Work to be completed: Whenever a picture appears in the data, skip it and write out all other material exactly.
======== Input for this task ========
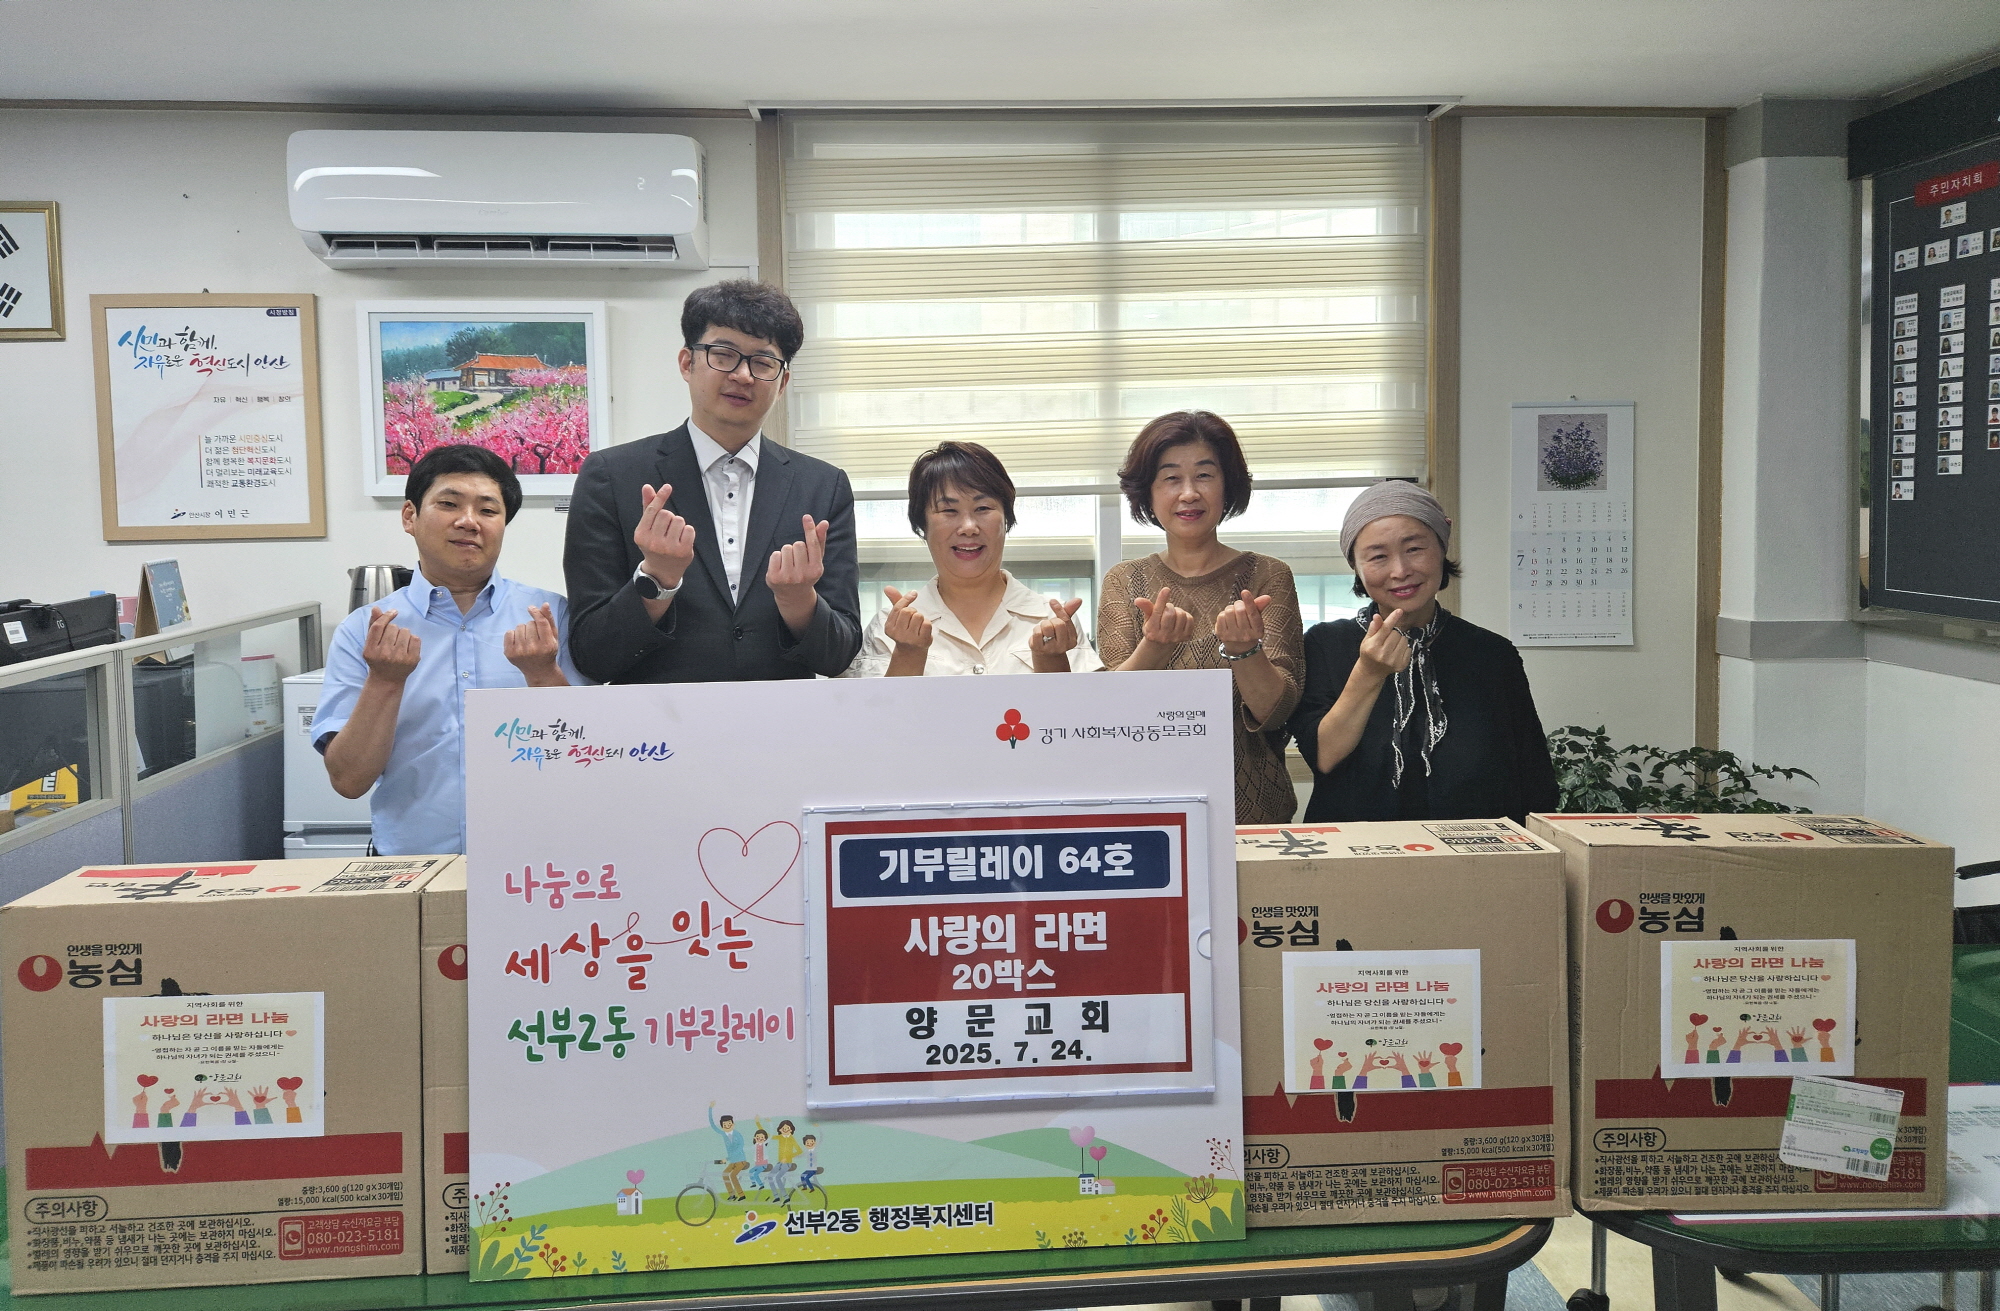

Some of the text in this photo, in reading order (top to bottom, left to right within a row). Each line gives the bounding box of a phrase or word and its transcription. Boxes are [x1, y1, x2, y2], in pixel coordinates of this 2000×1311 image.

[1929, 171, 1983, 198] 주민자치회
[118, 325, 217, 358] 시민과 함께.
[134, 353, 292, 380] 자유로운 혁신도시 안산
[204, 434, 283, 443] 늘 가까운 시민중심도시
[205, 446, 276, 455] 더 젊은 첨단혁신도시
[205, 456, 292, 466] 함께 행복한 복지문화도시
[206, 467, 292, 477] 더 멀리보는 미래교육도시
[206, 479, 276, 488] 쾌적한 교통환경도시
[1517, 555, 1525, 566] 7
[494, 717, 585, 749] 시민과 함께.
[1039, 723, 1207, 745] 경기 사회복지공동모금회
[510, 742, 675, 771] 자유로운 혁신도시 안산
[879, 841, 1135, 884] 기부릴레이 64호
[504, 861, 622, 910] 나눔으로
[1639, 892, 1705, 904] 인생을 맛있게
[1251, 905, 1319, 918] 인생을 맛있게
[1638, 906, 1705, 934] 농심
[903, 911, 1108, 957] 사랑의 라면
[1251, 920, 1320, 948] 농심
[66, 942, 143, 957] 인생을 맛있게
[504, 900, 754, 992] 세상을 잇는
[1693, 957, 1825, 969] 사랑의 라면 나눔
[66, 957, 144, 990] 농심
[952, 959, 1057, 992] 20박스
[1703, 974, 1819, 983] 하나님은 당신을 사랑하십니다
[1316, 980, 1450, 994] 사랑의 라면 나눔
[187, 1001, 226, 1009] 지역사회를
[1326, 997, 1444, 1007] 하나님은 당신을 사랑하십니다
[140, 1011, 289, 1028] 사랑의 라면 나눔
[152, 1030, 283, 1041] 하나님은 당신을 사랑하십니다
[507, 1004, 796, 1063] 선부2동 기부릴레이
[925, 1038, 1092, 1065] 2025. 7. 24.
[1499, 1136, 1520, 1145] g(120
[1602, 1131, 1658, 1149] 주의사항
[1481, 1146, 1511, 1154] kcal(500
[1599, 1153, 1742, 1165] 직사광선을 피하고 서늘하고 건조한 곳에
[1467, 1165, 1551, 1177] 고객상담 수신자요금 부담
[1599, 1163, 1776, 1176] 화장품,비누,약품 등 냄새가 나는 곳에는 보관하지
[1467, 1176, 1551, 1190] 080-023-5181
[1599, 1173, 1799, 1186] 벌레의 영향을 받기 쉬우므로 깨끗한 곳에 보관하십시오.
[341, 1183, 364, 1194] g(120
[1468, 1188, 1552, 1200] www.nongshim.com
[1599, 1184, 1813, 1197] 제품이 파손될 우려가 있으니 절대 던지거나 충격을 주지 마십시오.
[322, 1193, 355, 1204] kcal(500
[34, 1199, 99, 1219] 주의사항
[307, 1216, 400, 1231] 고객상담 수신자요금 부담
[784, 1200, 995, 1235] 선부2동 행정복지센터
[307, 1228, 401, 1245] 080-023-5181
[307, 1241, 401, 1255] www.nongshim.com
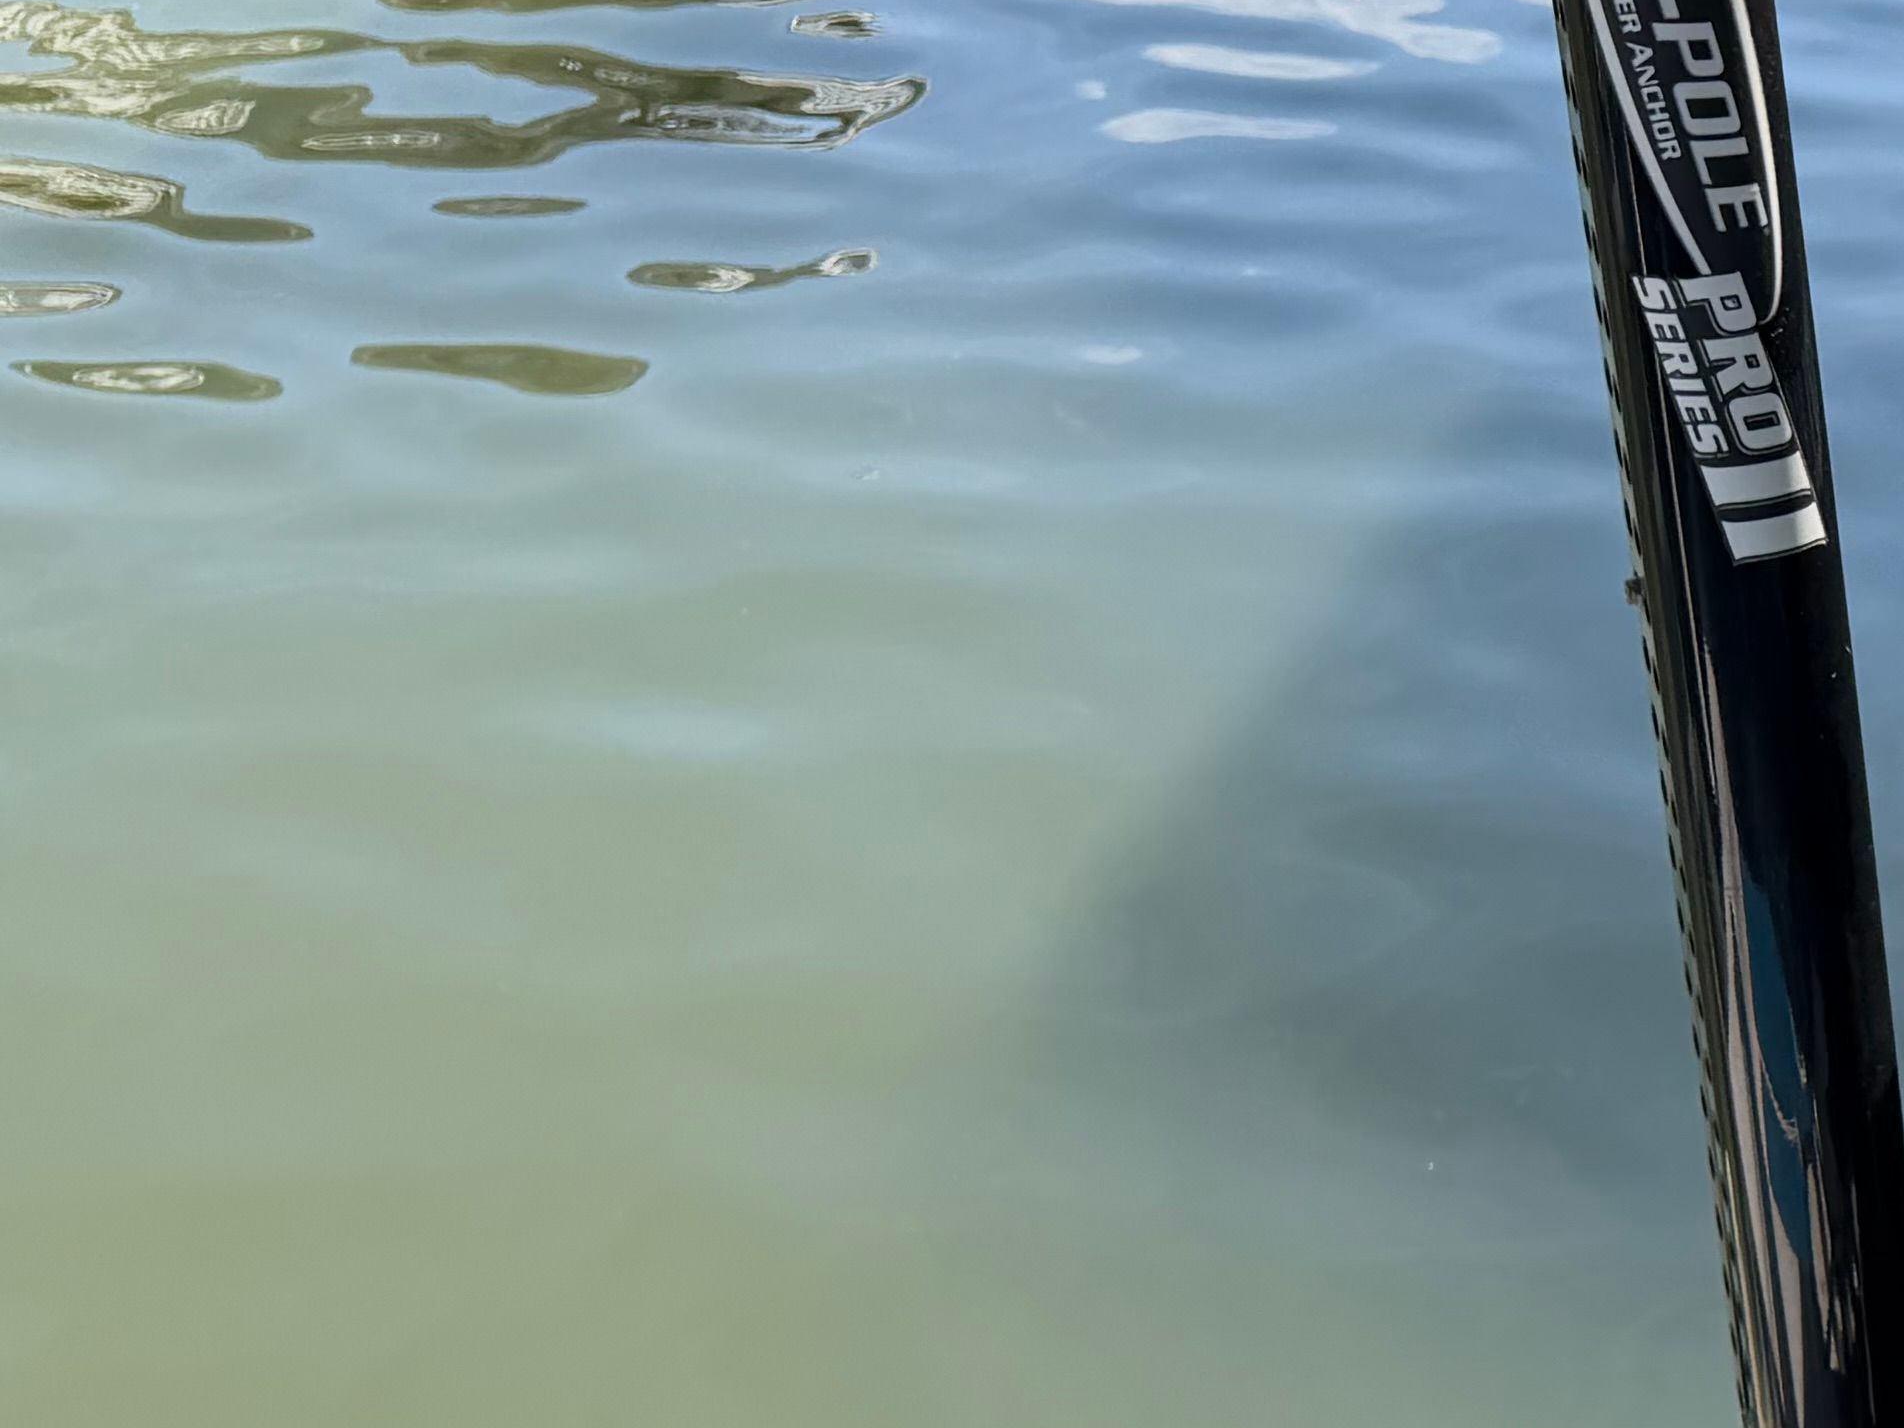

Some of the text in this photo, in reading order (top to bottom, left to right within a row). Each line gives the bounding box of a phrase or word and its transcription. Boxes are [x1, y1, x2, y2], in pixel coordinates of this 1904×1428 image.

[1625, 41, 1681, 162] ANCHOR
[1631, 275, 1730, 459] SERIES
[1674, 271, 1794, 456] PRO
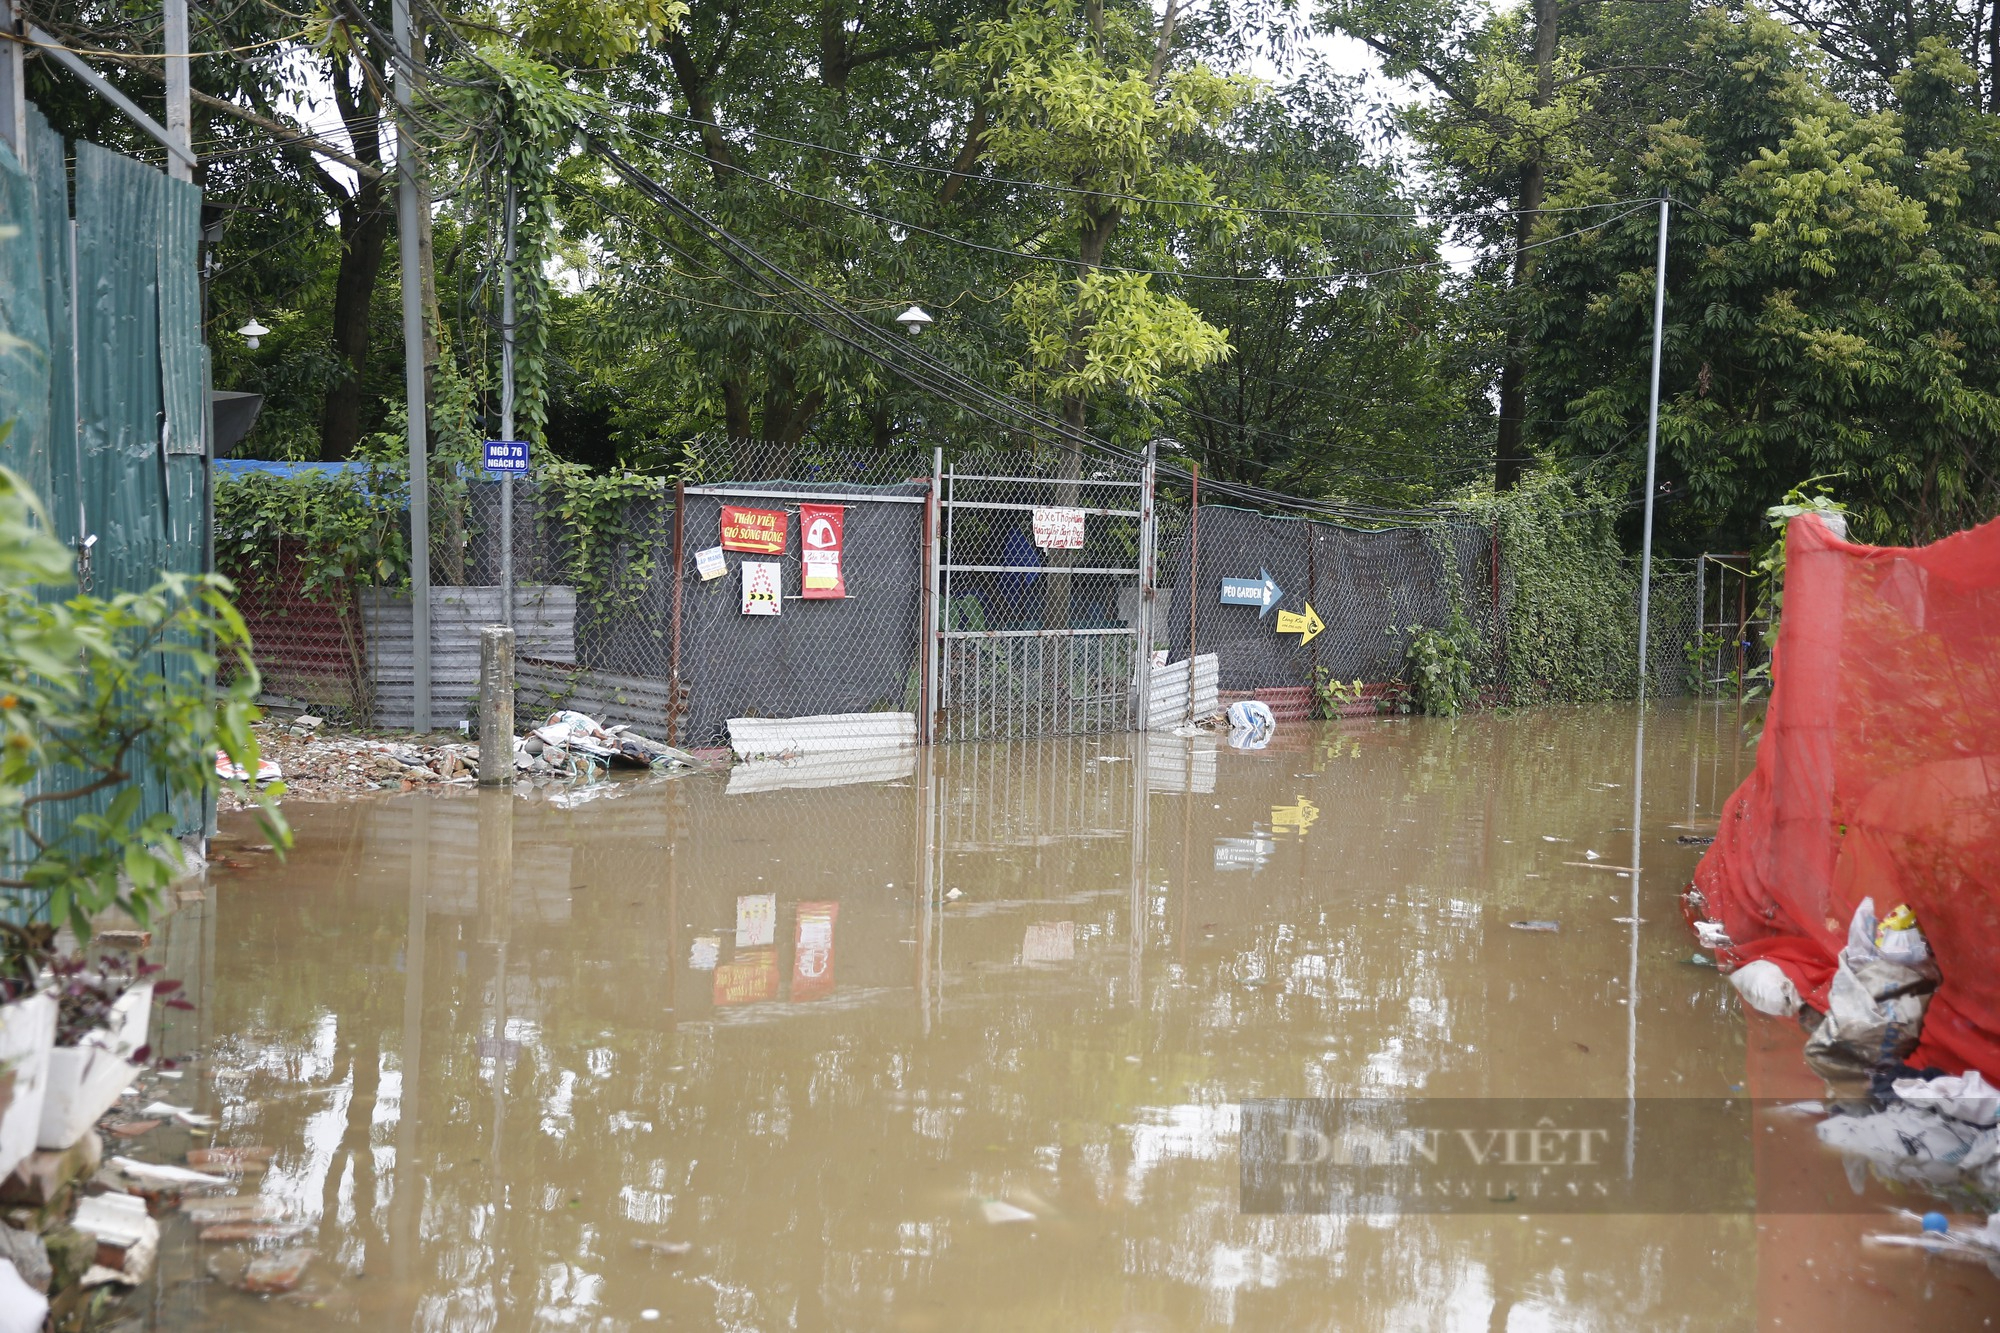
========
Written answer:
Some of the text in this photo, in reading order (top to bottom, left to right within a row). Each line gives the bounding box of a phrase or word and its transcription. Boxes are [x1, y1, x2, y2], in pixel coordinates of this 2000×1311 image.

[1929, 171, 1983, 198] 주민자치회
[118, 325, 217, 358] 시민과 함께.
[134, 353, 292, 380] 자유로운 혁신도시 안산
[204, 434, 283, 443] 늘 가까운 시민중심도시
[205, 446, 276, 455] 더 젊은 첨단혁신도시
[205, 456, 292, 466] 함께 행복한 복지문화도시
[206, 467, 292, 477] 더 멀리보는 미래교육도시
[206, 479, 276, 488] 쾌적한 교통환경도시
[1517, 555, 1525, 566] 7
[494, 717, 585, 749] 시민과 함께.
[1039, 723, 1207, 745] 경기 사회복지공동모금회
[510, 742, 675, 771] 자유로운 혁신도시 안산
[879, 841, 1135, 884] 기부릴레이 64호
[504, 861, 622, 910] 나눔으로
[1639, 892, 1705, 904] 인생을 맛있게
[1251, 905, 1319, 918] 인생을 맛있게
[1638, 906, 1705, 934] 농심
[903, 911, 1108, 957] 사랑의 라면
[1251, 920, 1320, 948] 농심
[66, 942, 143, 957] 인생을 맛있게
[504, 900, 754, 992] 세상을 잇는
[1693, 957, 1825, 969] 사랑의 라면 나눔
[66, 957, 144, 990] 농심
[952, 959, 1057, 992] 20박스
[1703, 974, 1819, 983] 하나님은 당신을 사랑하십니다
[1316, 980, 1450, 994] 사랑의 라면 나눔
[187, 1001, 226, 1009] 지역사회를
[1326, 997, 1444, 1007] 하나님은 당신을 사랑하십니다
[140, 1011, 289, 1028] 사랑의 라면 나눔
[152, 1030, 283, 1041] 하나님은 당신을 사랑하십니다
[507, 1004, 796, 1063] 선부2동 기부릴레이
[925, 1038, 1092, 1065] 2025. 7. 24.
[1499, 1136, 1520, 1145] g(120
[1602, 1131, 1658, 1149] 주의사항
[1481, 1146, 1511, 1154] kcal(500
[1599, 1153, 1742, 1165] 직사광선을 피하고 서늘하고 건조한 곳에
[1467, 1165, 1551, 1177] 고객상담 수신자요금 부담
[1599, 1163, 1776, 1176] 화장품,비누,약품 등 냄새가 나는 곳에는 보관하지
[1467, 1176, 1551, 1190] 080-023-5181
[1599, 1173, 1799, 1186] 벌레의 영향을 받기 쉬우므로 깨끗한 곳에 보관하십시오.
[341, 1183, 364, 1194] g(120
[1468, 1188, 1552, 1200] www.nongshim.com
[1599, 1184, 1813, 1197] 제품이 파손될 우려가 있으니 절대 던지거나 충격을 주지 마십시오.
[322, 1193, 355, 1204] kcal(500
[34, 1199, 99, 1219] 주의사항
[307, 1216, 400, 1231] 고객상담 수신자요금 부담
[784, 1200, 995, 1235] 선부2동 행정복지센터
[307, 1228, 401, 1245] 080-023-5181
[307, 1241, 401, 1255] www.nongshim.com

Some of the text in this photo, in reading order (top to bottom, left to right within a row). Each line gives the bounding box of a phrase or word and its transcription. Boxes are [x1, y1, x2, y2], in pixel coordinates of this 1904×1428 image.

[1625, 41, 1681, 162] ANCHOR
[1631, 275, 1730, 459] SERIES
[1674, 271, 1794, 456] PRO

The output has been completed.